Join us for the next #CCIsSoWhite series, a Book Launch and Drinks Reception for Letters to a Writer of Colour! Featuring writers Xiaolu Guo, Tahmima Anam, Taymour Soomro and City lecturer Deepa Anappara.
We invite you to join us to launch the important Letters to a Writer of Colour, an inspiring and empowering collection of personal essays on the power of literature and the craft of writing from an international array of writers of colour.

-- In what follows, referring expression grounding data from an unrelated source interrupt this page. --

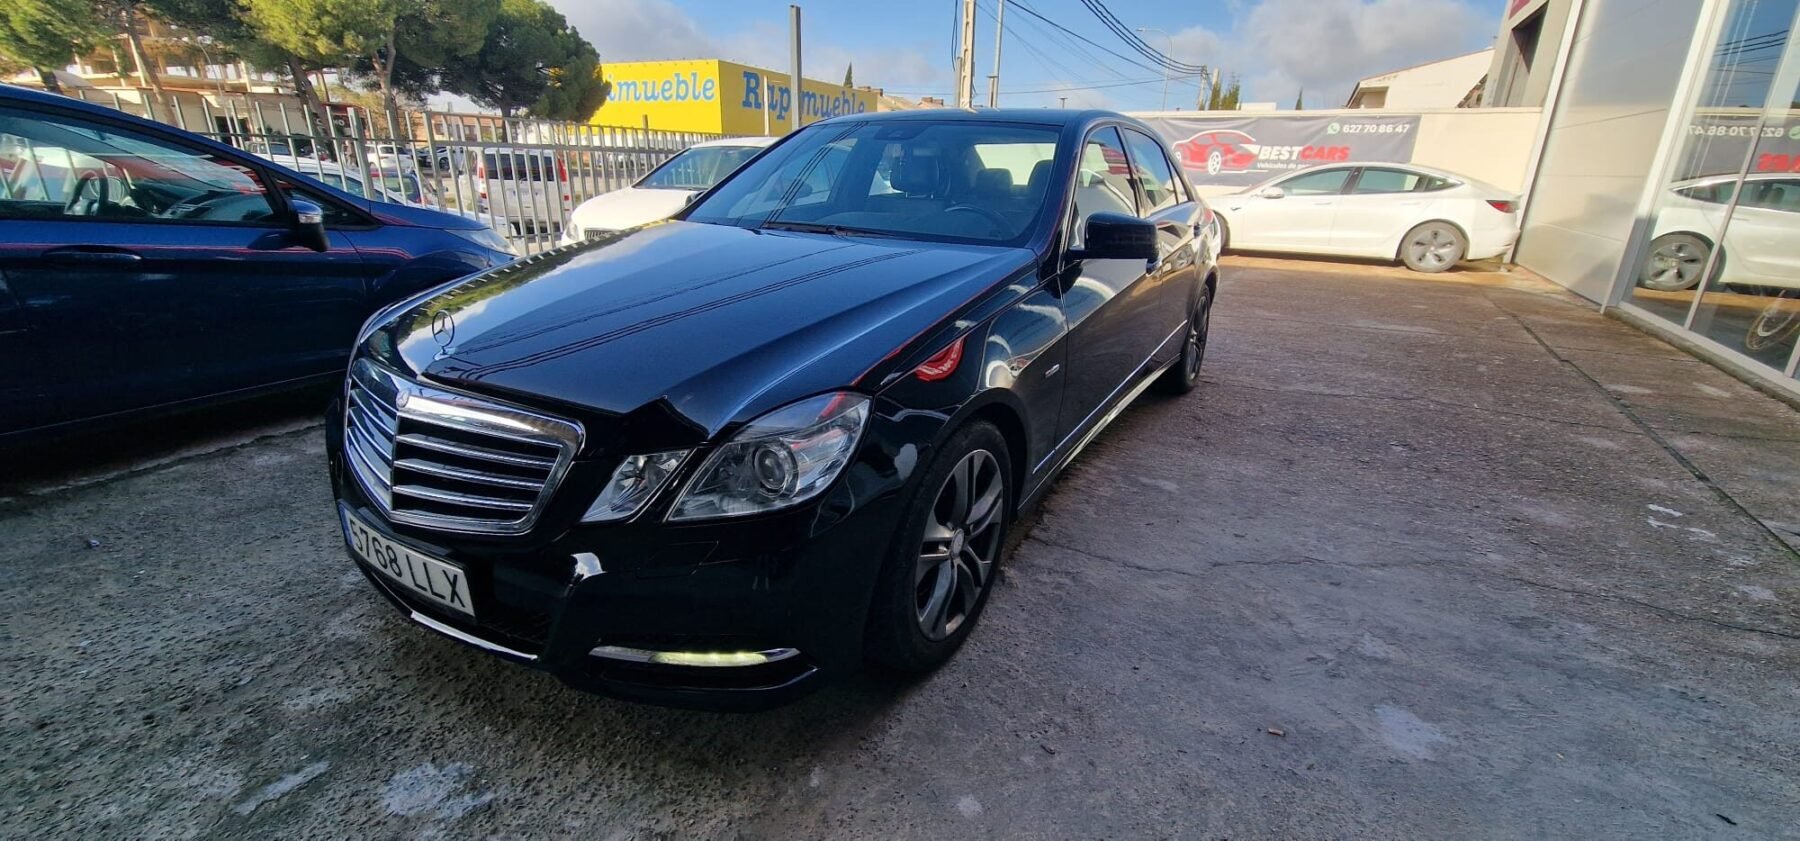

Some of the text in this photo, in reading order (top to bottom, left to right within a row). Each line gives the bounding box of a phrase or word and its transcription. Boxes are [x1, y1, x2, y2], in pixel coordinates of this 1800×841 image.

[1342, 124, 1361, 134] 627
[1363, 124, 1377, 134] 70
[1395, 123, 1411, 134] 47
[1258, 145, 1350, 161] BESTCARS
[350, 518, 466, 608] 5768 LLX

Edited by SCC’s very own Deepa Anappara and Taymour Soomro, the book features seventeen essays by Madeleine Thien, Xiaolu Guo, Tahmima Anam, Myriam Gurba and Mohammed Hanif, among others, asking us to reevaluate the codes and conventions that have over time shaped our assumptions about how fiction should be written.
Xiaolu Guo, Tahmima Anam, Taymour Soomro (joining us virtually) and Deepa Anappara will explore how we can create a more inclusive conversation about storytelling.

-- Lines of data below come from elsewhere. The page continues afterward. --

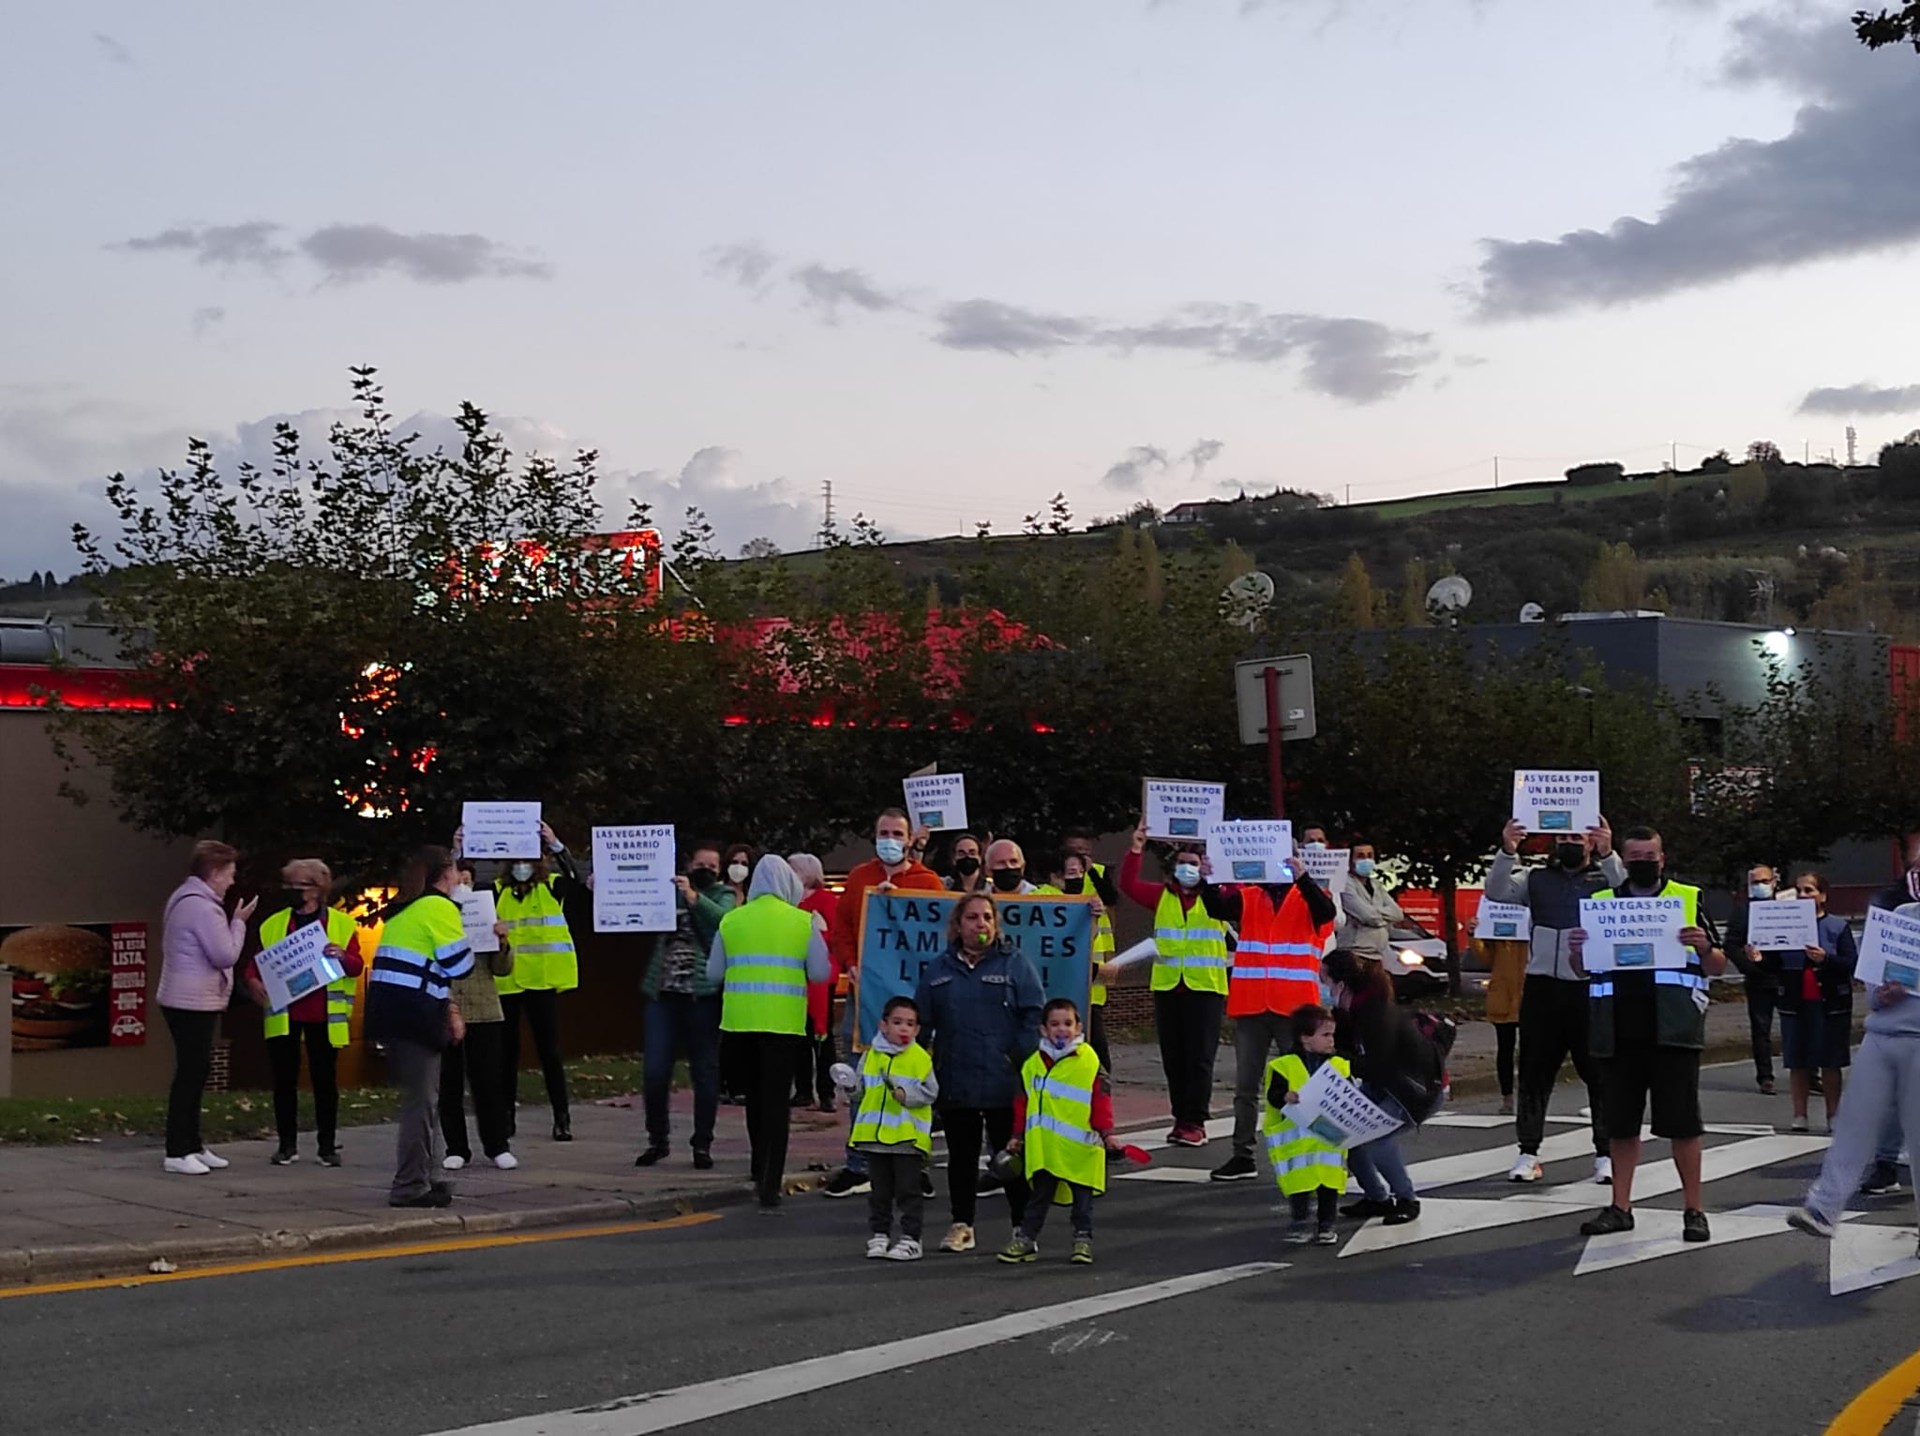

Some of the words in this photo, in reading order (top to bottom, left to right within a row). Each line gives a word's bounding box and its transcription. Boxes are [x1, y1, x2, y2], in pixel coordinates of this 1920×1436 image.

[916, 779, 940, 787] VEGAS
[921, 788, 951, 797] BARRIO
[1150, 784, 1167, 792] LAS
[1169, 785, 1200, 793] VEGAS
[1202, 787, 1221, 795] POR
[1176, 796, 1210, 805] BARRIO
[596, 830, 613, 839] LAS
[616, 830, 647, 838] VEGAS
[651, 829, 671, 837] POR
[1210, 826, 1226, 834] LAS
[1229, 825, 1264, 833] VEGAS
[623, 841, 660, 849] BARRIO
[1220, 837, 1234, 845] UN
[1237, 836, 1277, 844] BARRIO
[1584, 902, 1606, 911] LAS
[1610, 901, 1652, 910] VEGAS
[1656, 900, 1681, 909] POR
[887, 900, 941, 923] LAS
[1598, 916, 1616, 924] UN
[1621, 914, 1667, 924] BARRIO
[1872, 912, 1891, 924] LAS
[1881, 929, 1894, 940] UN
[258, 952, 272, 965] LAS
[272, 936, 300, 954] VEGAS
[301, 925, 320, 939] POR
[1041, 936, 1076, 958] ES
[282, 941, 314, 961] BARRIO
[1323, 1068, 1342, 1087] LAS
[1343, 1086, 1375, 1115] VEGAS
[1375, 1114, 1398, 1127] POR
[1324, 1087, 1340, 1102] UN
[1340, 1101, 1379, 1130] BARRIO

- 'A whip-smart collection of essays. I read parts of it with the joy of recognition and other parts with the astonishment of revelation' – Kamila Shamsie'.

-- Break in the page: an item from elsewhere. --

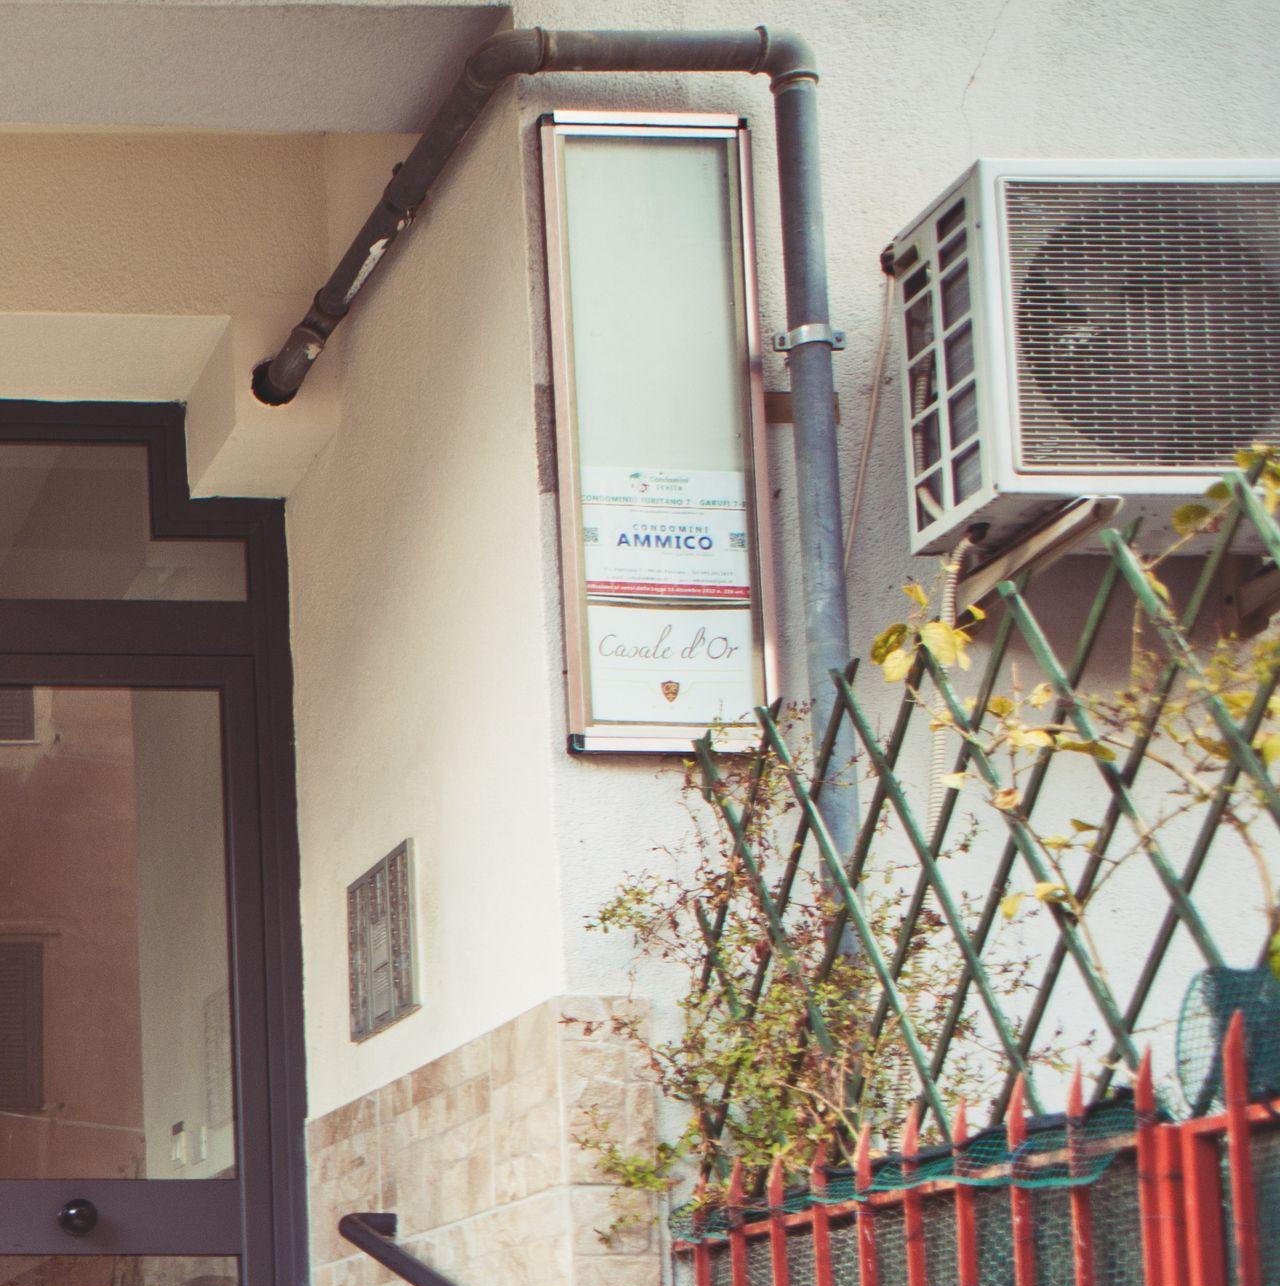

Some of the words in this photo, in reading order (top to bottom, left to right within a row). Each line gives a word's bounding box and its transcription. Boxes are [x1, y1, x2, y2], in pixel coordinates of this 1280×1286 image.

[632, 523, 709, 533] CONDOMINI
[616, 532, 713, 550] AMMICO
[599, 624, 673, 660] Casale
[680, 626, 739, 660] d'Or

- 'Electric essays that speak to the experience of writing from the periphery . . . a guide, a comfort, and a call all at once’ – Laila Lalami, author of Conditional Citizen.
- 'Letters to a Writer of Colour is a brave and triumphant act of resistance and decolonisation, a necessary resource for writers and educators alike, and a must-have book for readers who care about diversity and inclusion in literature. Reading this book, I felt seen and empowered' – Nguyen Phan Que Mai, internationally bestselling author of The Mountains Sing and Dust Child.
Tahmima Anam’s first novel, A Golden Age, won the Commonwealth Writers Prize and went on to be translated into 27 languages. It was followed by The Good Muslim and The Bones of Grace. She is the recipient of an O. Henry Award and has been named one of Granta’s Best Young British novelists. Born in Dhaka, Bangladesh, she trained as a Social Anthropologist at Harvard University and works at a tech company, an experience which formed the basis of her latest novel, The Startup Wife.
Xiaolu Guo is a Chinese British novelist, memoirist and filmmaker. Her novels include A Concise Chinese-English Dictionary for Lovers, and I Am China. Her memoir Once Upon A Time In The East won the National Book Critics Circle Award 2017 and shortlisted for the RSL Ondaatje Prize. Her recent novel A Lover’s Discourse, shortlisted for the Goldsmiths Prize 2020 and longlisted for the Orwell Prize. Radical, A Life of My Own is published by Chatto 2023. Named as a Granta’s Best of Young British Novelist in 2013, she also directed a dozen films, including How Is Your Fish Today (Sundance Official Selection) and UFO In Her Eyes (TIFF). Her feature She, A Chinese received the Golden Leopard Award at the Locarno Festival 2009. Her documentary We Went to Wonderland was in the Official Selection of ND/NF at the Museum of Modern Art in NYC. Once Upon A Time Proletarian was selected for the Horizon Section at Venice Film Festival 2009. She had her film retrospectives at London’s Whitechapel Gallery 2019 and Cinematheque Switzerland and the Greek Film Archive in Athens. She was a 2021 visiting professor at Columbia University in New York and is currently a Samuel Fischer Guest Professor at the Free University in Berlin and a fellow of the Royal Society of Literature.
Taymour Soomro was born in Lahore, Pakistan. He read law at Cambridge University and Stanford Law School. He has worked as a corporate solicitor in New York and Milan, a lecturer at a university in Karachi, an agricultural estate manager in rural Sindh and a publicist for a luxury fashion brand in London. He has published a textbook on law with Oxford University Press and has written for the Pakistani news media. His short story ‘Philosophy of the Foot’ appeared in The New Yorker in January 2019. His short fiction has since been published in Ninth Letter and The Southern Review. His debut novel, Other Names for Love was published by Farrar, Straus and Giroux (US) and Harvill Secker (UK) in July 2022. He is currently a fellow at the Wisconsin Institute for Creative Writing.
Deepa Anappara was born in Kerala, South India. Her first novel Djinn Patrol on the Purple Line won the Edgar Award for Best Novel, was longlisted for the Women’s Prize for Fiction, and shortlisted for the JCB Prize for Indian Literature. It was named as one of the best books of 2020 by The New York Times, The Washington Post, Time and NPR, and is being translated into 23 languages. She previously worked as a journalist in India, and her reports on the impact of poverty and religious violence on children won the Developing Asia Journalism Awards, the Every Human has Rights Media Awards, and the Sanskriti-Prabha Dutt Fellowship in Journalism.